La terapia era complessa: accanto ai farmaci per via orale, era necessaria l’inalazione di diversi farmaci e soluzioni a funzione mucolitica, tramite diversi strumenti per la produzione di aerosol. La terapia antibiotica era essenziale, somministrata per via orale ma anche per via endovenosa, sia in ambito ospedaliero sia a domicilio. Molta attenzione era rivolta allo stato nutrizionale, con l’uso di diversi supplementi calorici. Nell’ambito terapeutico si registrava la maggiore disomogeneità nell’erogazione dei trattamenti, variabile da regione a regione, da provincia a provincia, al punto che spesso le famiglie erano costrette ad acquistare autonomamente i farmaci e la strumentazione necessaria.
Sulla spinta di molti e grazie a una realtà politica ricettiva e propositiva, la legge 548 fu promulgata il 23 Dicembre 1993. A essa seguì il 15 Aprile 1994 la circolare attuativa del Ministero della salute (Prot. 500.4/D M. 1 – 407). L’aspetto centrale fu il riconoscimento della fibrosi cistica come “malattia di alto interesse sociale” per “la sua incidenza, per la sua gravità, per la complessità di manifestazioni cliniche e di bisogni di cure, per gli elevati costi assistenziali ed i complessi bisogni organizzativi, ed infine per la necessità d’investimenti di ricerca scientifica qualificata”.
Ne conseguirono i seguenti principali provvedimenti:
1) l’istituzione di centri specialistici regionali, dotati di “strutture, personale e attrezzature adeguati alla consistenza numerica dei pazienti assistiti e della popolazione residente”;
2) tramite le “unità sanitarie locali, le regioni provvedono a fornire gratuitamente il materiale medico, tecnico e farmaceutico necessario… ”;
3) le “cure a domicilio sono assicurate in regime di ospedalizzazione domiciliare continuativa”;
4) “per il raggiungimento delle finalità di cui alla presente legge, i centri […] e le unità sanitarie locali si avvalgono della collaborazione e del sostegno delle associazioni di volontariato nelle forme e nei limiti previsti dalla legge 11 agosto 1991, n. 266”;
5) “le regioni predispongono specifici stanziamenti per promuovere e sostenere le attività di ricerca rivolte alla prevenzione e alla cura della fibrosi cistica […]. I finanziamenti sono ripartiti in base alla consistenza numerica dei pazienti assistiti nelle singole regioni, alla popolazione residente, nonché alle documentate funzioni dei centri ivi istituiti…”.

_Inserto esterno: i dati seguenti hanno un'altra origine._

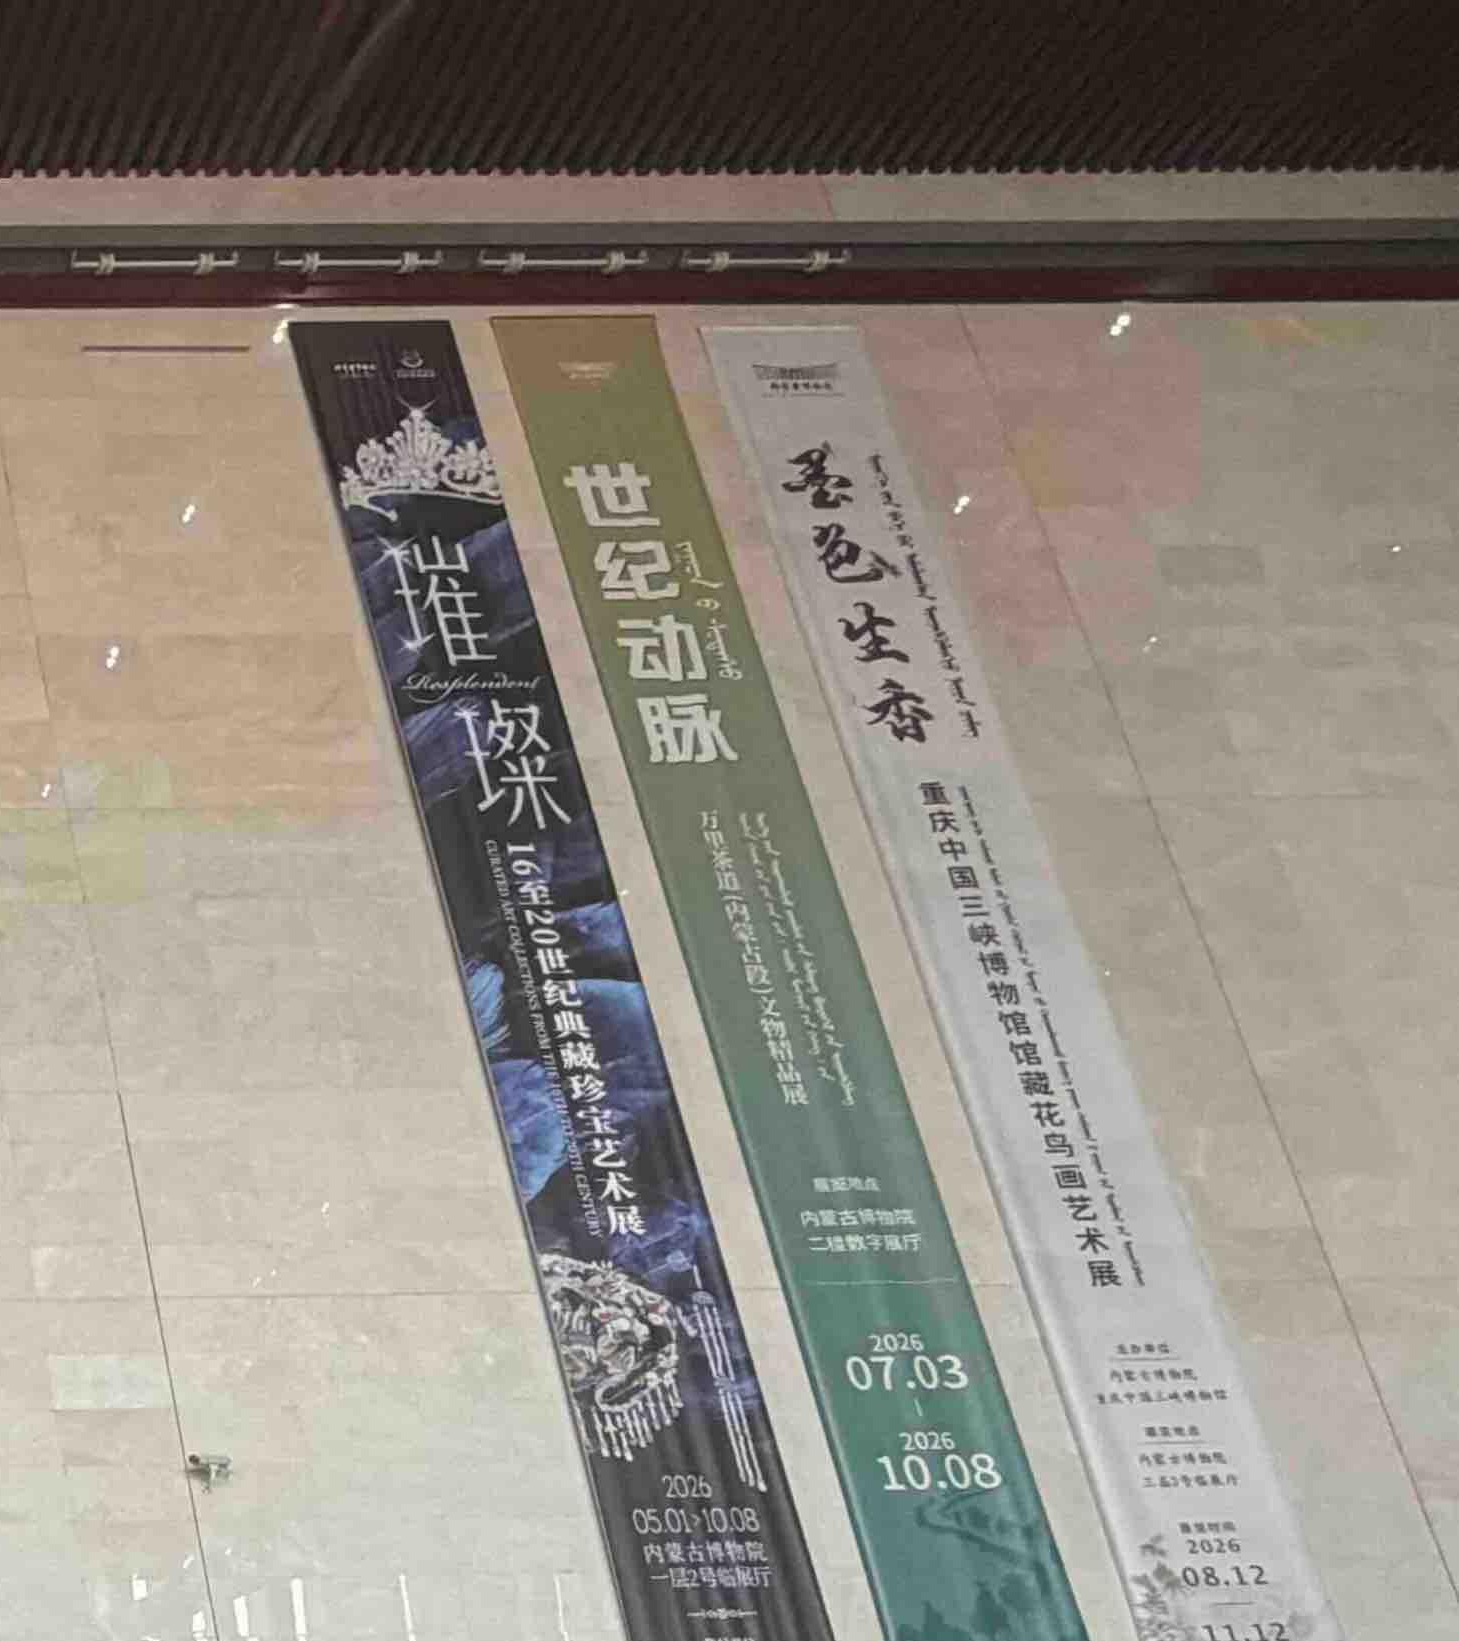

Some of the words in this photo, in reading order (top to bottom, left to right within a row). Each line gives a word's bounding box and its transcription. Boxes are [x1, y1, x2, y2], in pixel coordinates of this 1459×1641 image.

[563, 462, 740, 763] 世纪动脉
[401, 671, 542, 704] Resplendent
[918, 781, 1122, 1287] 重庆中国三峡博物馆馆藏花鸟画艺术展
[868, 1333, 924, 1352] 2026
[845, 1354, 970, 1391] 07.03
[899, 1431, 956, 1450] 2026
[876, 1453, 1003, 1491] 10.08
[661, 1475, 713, 1498] 2026
[643, 1541, 768, 1564] 内蒙古博物院
[1187, 1538, 1242, 1555] 2026
[1182, 1565, 1269, 1588] 08.12

Successivamente alla promulgazione, le tre principali realtà associative, la Società Italiana per la cura della fibrosi cistica (SIFC), la Lega Italiana Fibrosi Cistica (LIFC), la Fondazione per la Ricerca sulla Fibrosi Cistica (FFC Ricerca), più volte sono intervenute per consentire una piena attuazione della legge 548, specie quando essa era applicata parzialmente o non adeguatamente in alcune regioni. La disomogeneità di adeguamento alla legge 548 si è andata approfondendo nel tempo con l’aziendalizzazione (Legge 502/1992) e la regionalizzazione sanitarie (Legge costituzionale n. 3/2001 – riforma del titolo V – e la legge 86 del 2024) e così per la maggior parte delle regioni sono venuti a mancare i finanziamenti per l’assistenza e la ricerca, stanziati dalla legge 548. Anche il ricambio di personale dei Centri e la formazione sono oggi deficitari.

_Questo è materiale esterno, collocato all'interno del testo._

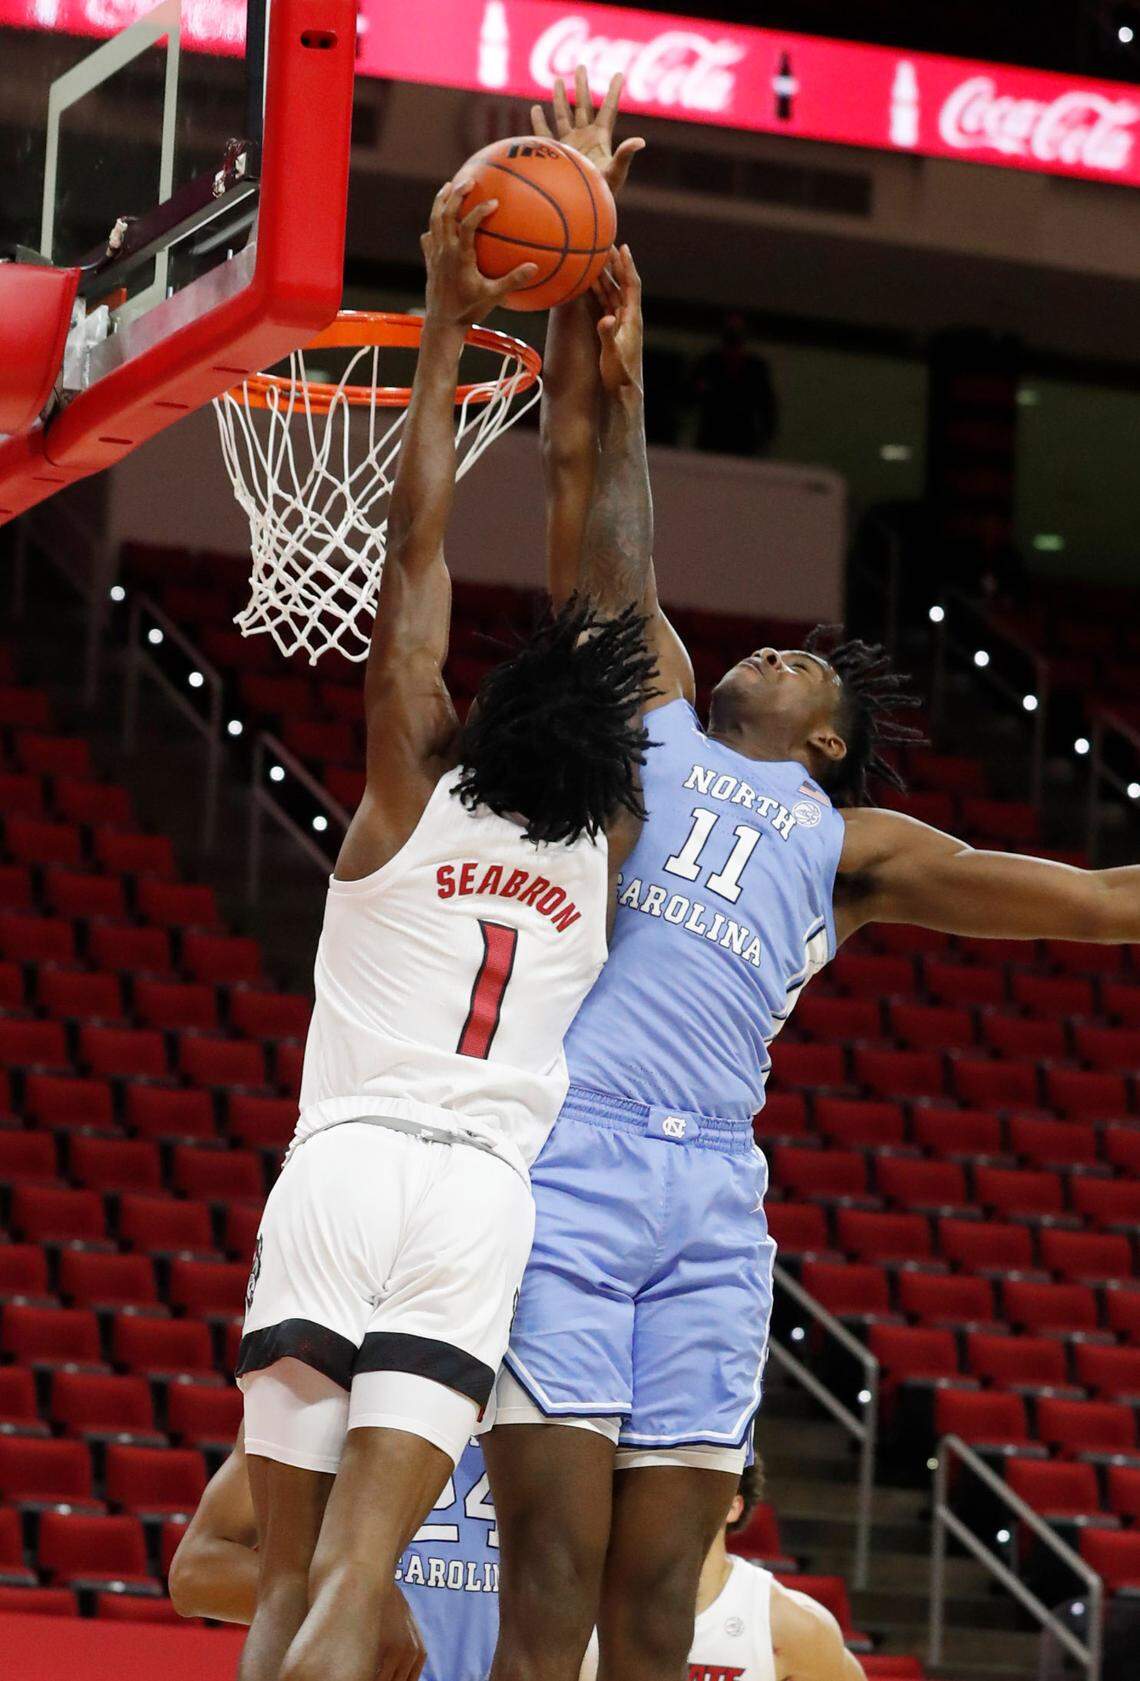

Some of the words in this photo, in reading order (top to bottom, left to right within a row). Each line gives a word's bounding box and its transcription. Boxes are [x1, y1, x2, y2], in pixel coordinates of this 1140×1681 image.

[684, 765, 796, 841] NORTH
[436, 863, 582, 933] SEABRON
[662, 807, 762, 904] 11
[455, 919, 518, 1060] 1

Gli avanzamenti della ricerca hanno portato e porteranno a farmaci innovativi, incisivi sulla mediana di sopravvivenza e sulla qualità di vita delle persone con FC, ma molto costosi per il Sistema Sanitario Nazionale. La cronicità della malattia e la possibile emergenza di nuove comorbidità in rapporto anche all’invecchiamento richiederanno peraltro strutture specialistiche, sempre attive, oltre che nell’assistenza anche nella ricerca, compresa quella atta a dimostrare il bilanciamento tra costi dei farmaci innovativi e costo dell’assistenza e l’efficienza di nuove modalità organizzative assistenziali. La legge 548 resta perciò sempre attuale e da difendere nelle sue finalità.